Dear John,
I don't think you should really talk about the history of English
dictionaries without mentioning Samuel Johnson. Although not the first, his
is the most famous or early English Dictionaries, published in 1755. He even
used wit and humour, defining a lexicographer as "..a harmless drudge, that
busies himself in tracing the original, and detailing the significations of
words". The second edition of his dictionary is contemporaneous with
Webster's.
I don't think the English have ever considered Webster's as anything other
than a dictionary of American English (which is indeed what it claims to be)

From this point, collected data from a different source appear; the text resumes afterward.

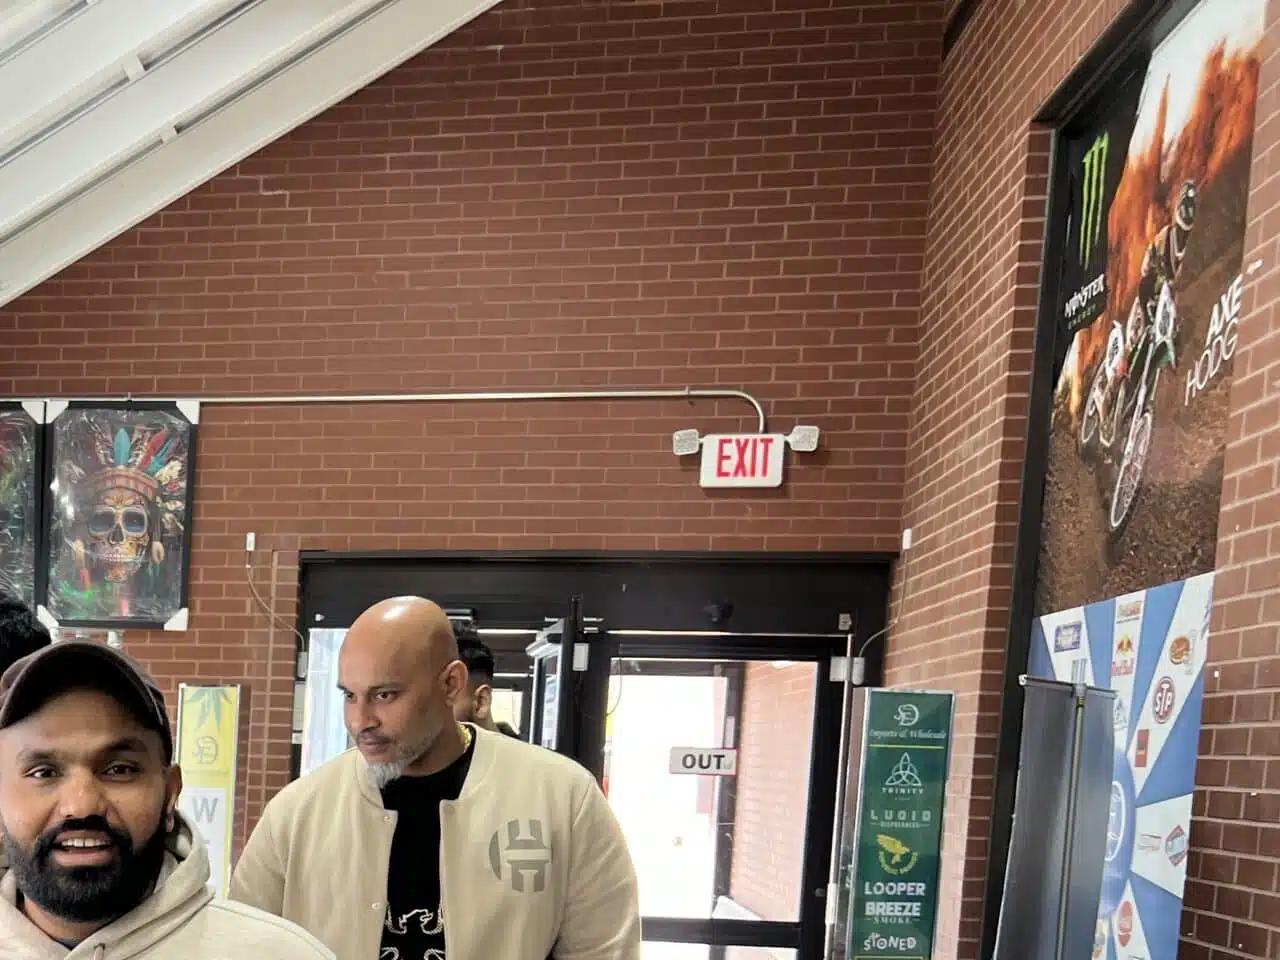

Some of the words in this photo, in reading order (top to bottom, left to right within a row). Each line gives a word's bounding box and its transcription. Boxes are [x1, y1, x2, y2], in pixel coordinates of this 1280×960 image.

[1064, 273, 1105, 318] MONSTER
[716, 438, 774, 478] EXIT
[682, 753, 725, 770] OUT
[864, 881, 926, 896] LOOPER
[865, 902, 921, 917] BREEZE
[864, 932, 917, 951] STONED
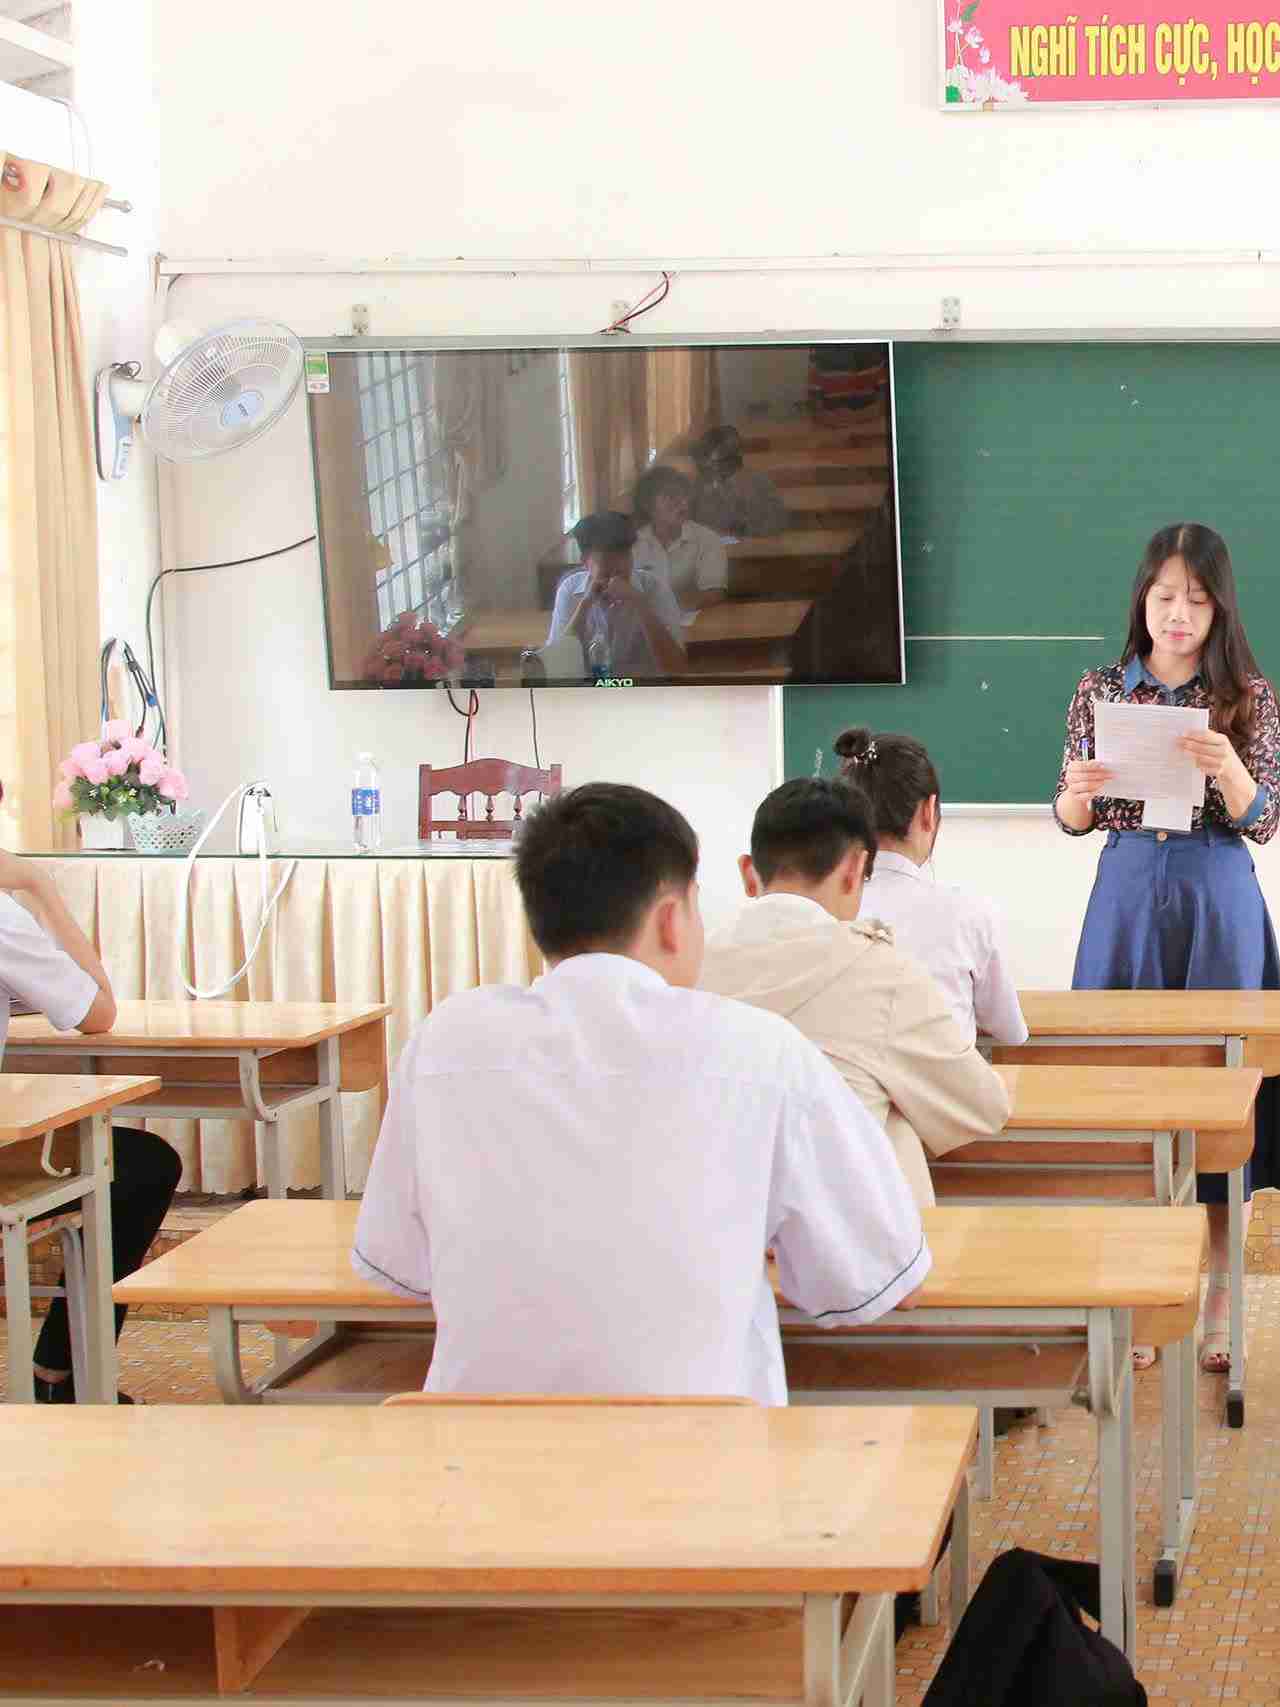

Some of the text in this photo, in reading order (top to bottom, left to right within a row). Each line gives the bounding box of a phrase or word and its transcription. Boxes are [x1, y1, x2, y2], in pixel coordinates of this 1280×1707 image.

[1010, 15, 1077, 77] NGHĨ
[1085, 14, 1146, 76] TÍCH
[1155, 18, 1219, 86] CỰC,
[595, 678, 634, 688] AIKYO
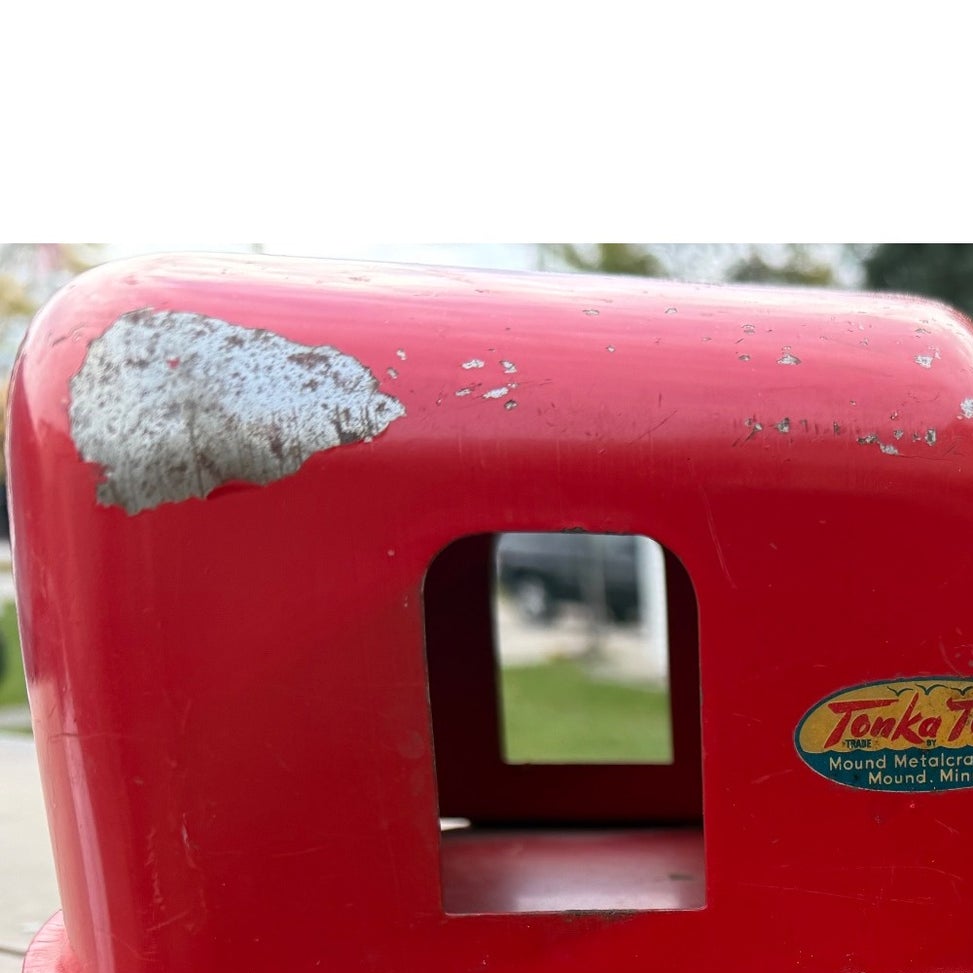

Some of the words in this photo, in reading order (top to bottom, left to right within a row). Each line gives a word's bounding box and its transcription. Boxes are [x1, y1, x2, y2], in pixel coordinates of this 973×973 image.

[823, 692, 943, 749] Tonka
[845, 738, 872, 749] TRADE
[829, 754, 887, 771] Mound
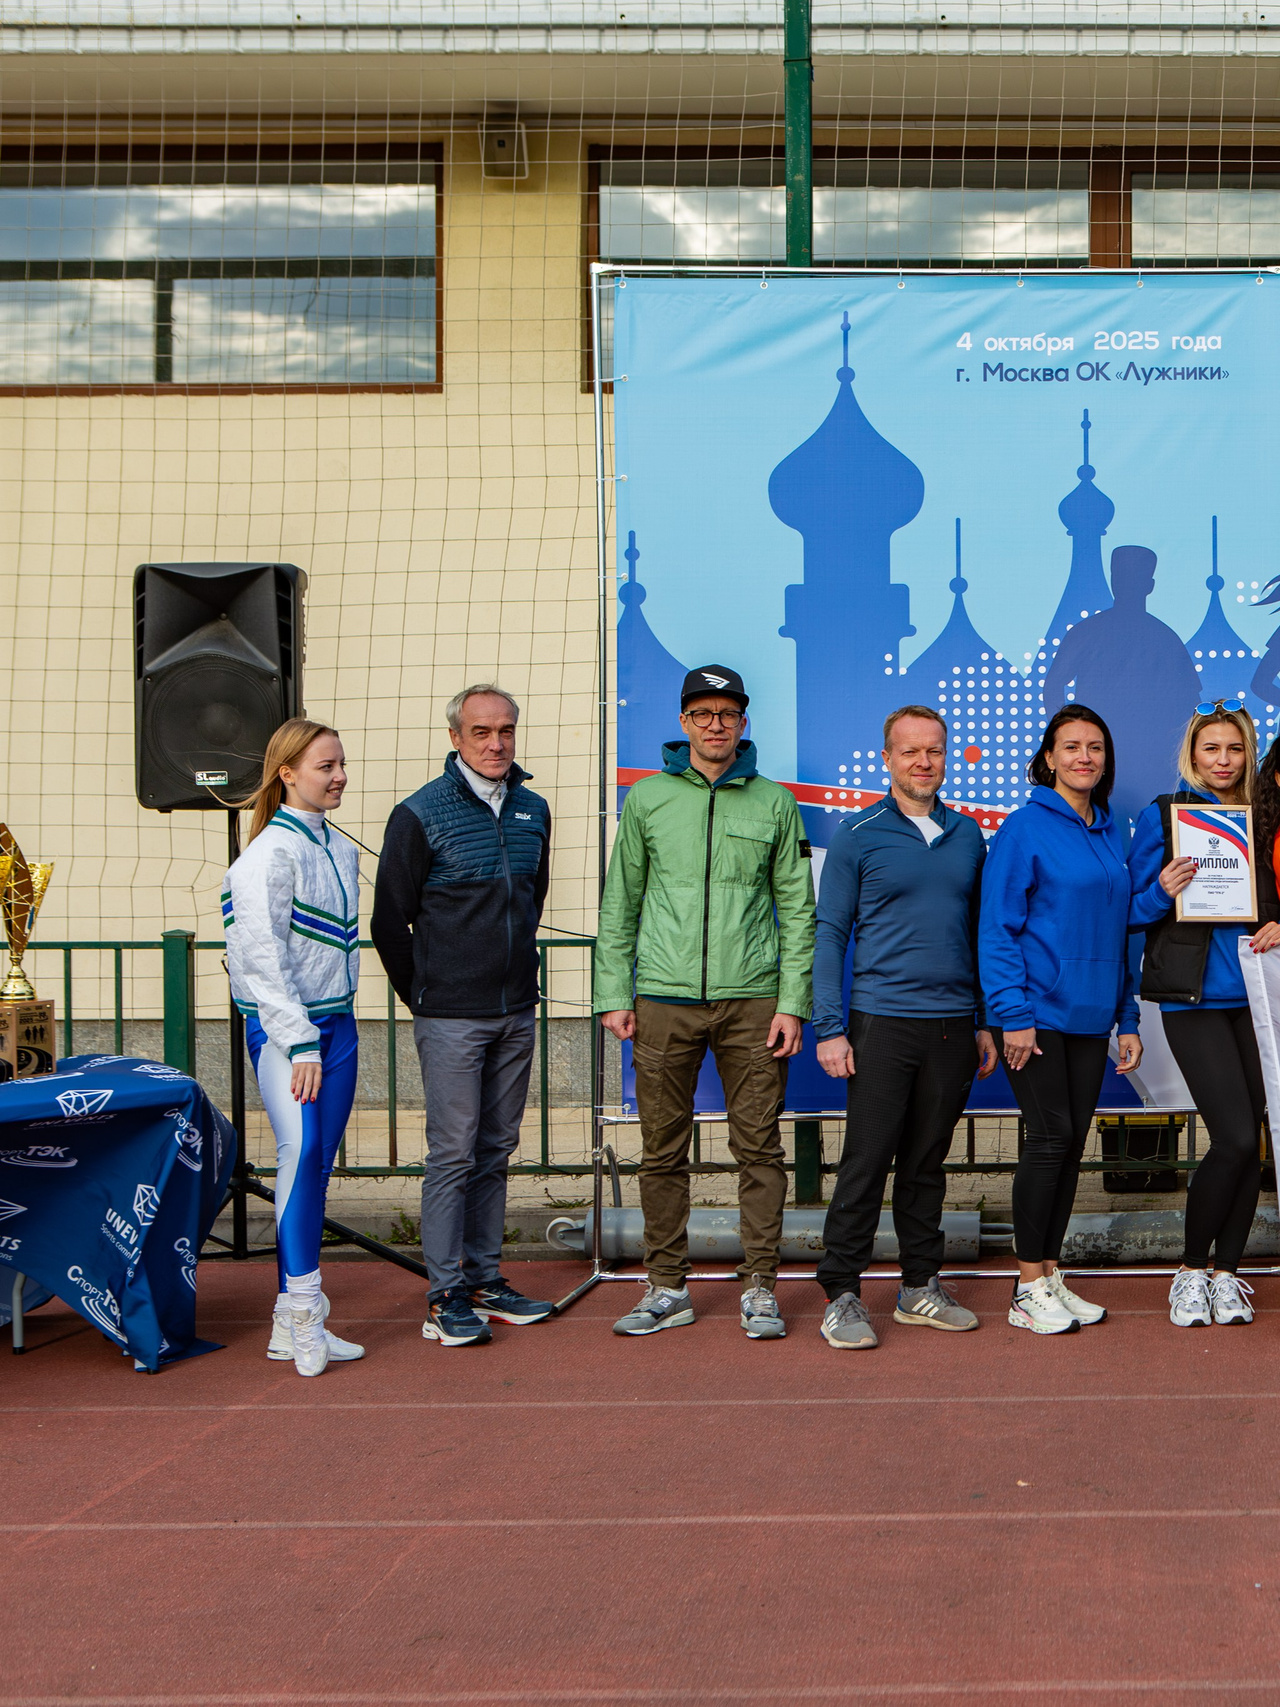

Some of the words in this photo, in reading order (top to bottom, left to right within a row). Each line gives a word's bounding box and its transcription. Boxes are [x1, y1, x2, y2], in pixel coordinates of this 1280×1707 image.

[956, 332, 973, 351] 4
[984, 332, 1074, 356] октября
[1094, 331, 1160, 350] 2025
[1172, 335, 1222, 352] года
[956, 368, 970, 383] г.
[982, 362, 1070, 383] Москва
[1075, 361, 1111, 382] ОК
[1115, 361, 1230, 386] «Лужники»
[1193, 857, 1239, 870] ДИПЛОМ
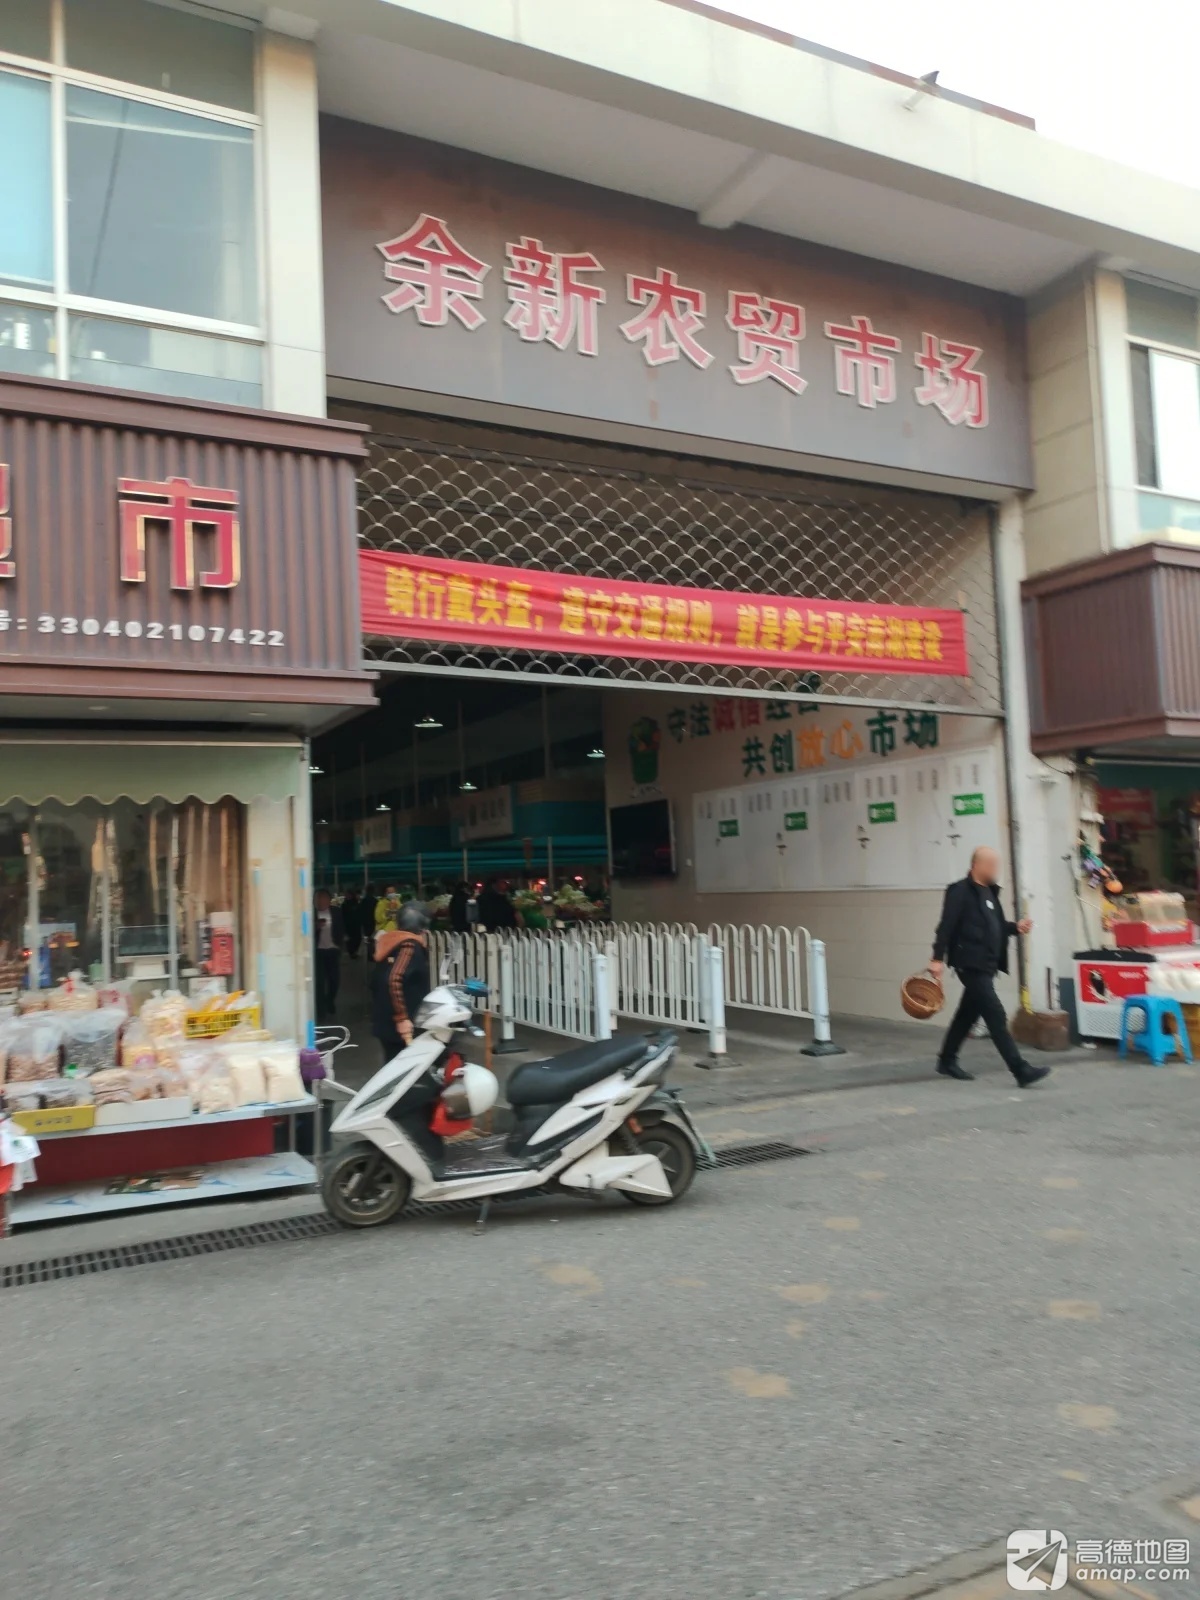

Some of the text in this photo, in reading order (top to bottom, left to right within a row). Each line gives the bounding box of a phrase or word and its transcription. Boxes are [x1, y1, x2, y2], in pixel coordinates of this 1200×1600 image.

[376, 212, 990, 429] 余新农贸市场
[736, 703, 940, 777] 共创放心市场

and so not reliable for either spellings or usages of English words. (01)
Regards (02)
Matthew West
http://www.matthew-west.org.uk (03)
-----Original Message-----
From: ontolog-forum-bounces@xxxxxxxxxxxxxxxx
[mailto:ontolog-forum-bounces@xxxxxxxxxxxxxxxx] On Behalf Of John F Sowa
Sent: 21 May 2014 12:24
To: ontolog-forum@xxxxxxxxxxxxxxxx
Subject: Re: [ontolog-forum] Well written blog post re Words and
Dictionaries (04)
David and Pat, (05)
There are two major forces that drive the editorial policies of
dictionaries: (1) the intended audience, and (2) the publishers'
desire to stay in business. (06)
DW
> I submit the following blog post to your attention:
>
> http://jsomers.net/blog/dictionary (07)
From that blog
> [Most modern dictionaries are] all a chore to read. There's no play,
> no delight in the language. The definitions are these desiccated
> little husks of technocratic meaningese, as if a word were no more
> than its coordinates in semantic space...
>
> [Noah Webster's] Blue Backed Speller... was actually the most popular
> book of its time; by 1890 it had sold 60 million copies...
>
> In his own lifetime [Webster's] dictionary sold poorly and got little
> recognition... (08)
That's a clue why modern dictionaries are so terse -- before spelling
correctors, spelling was a major reason why people bought them. The
dictionary was NW's love, but the spelling book kept him alive. (09)
Among the small audience of educated readers, Webster's dictionary was
extremely desirable. In England, that audience was not happy that the major
dictionary of the English language was produced in America. That caused
them to produce the OED -- which struggled financially, but succeeded only
because of outside donations. (010)
In the US, the _Century Dictionary_ (of which my favorite philosopher C. S.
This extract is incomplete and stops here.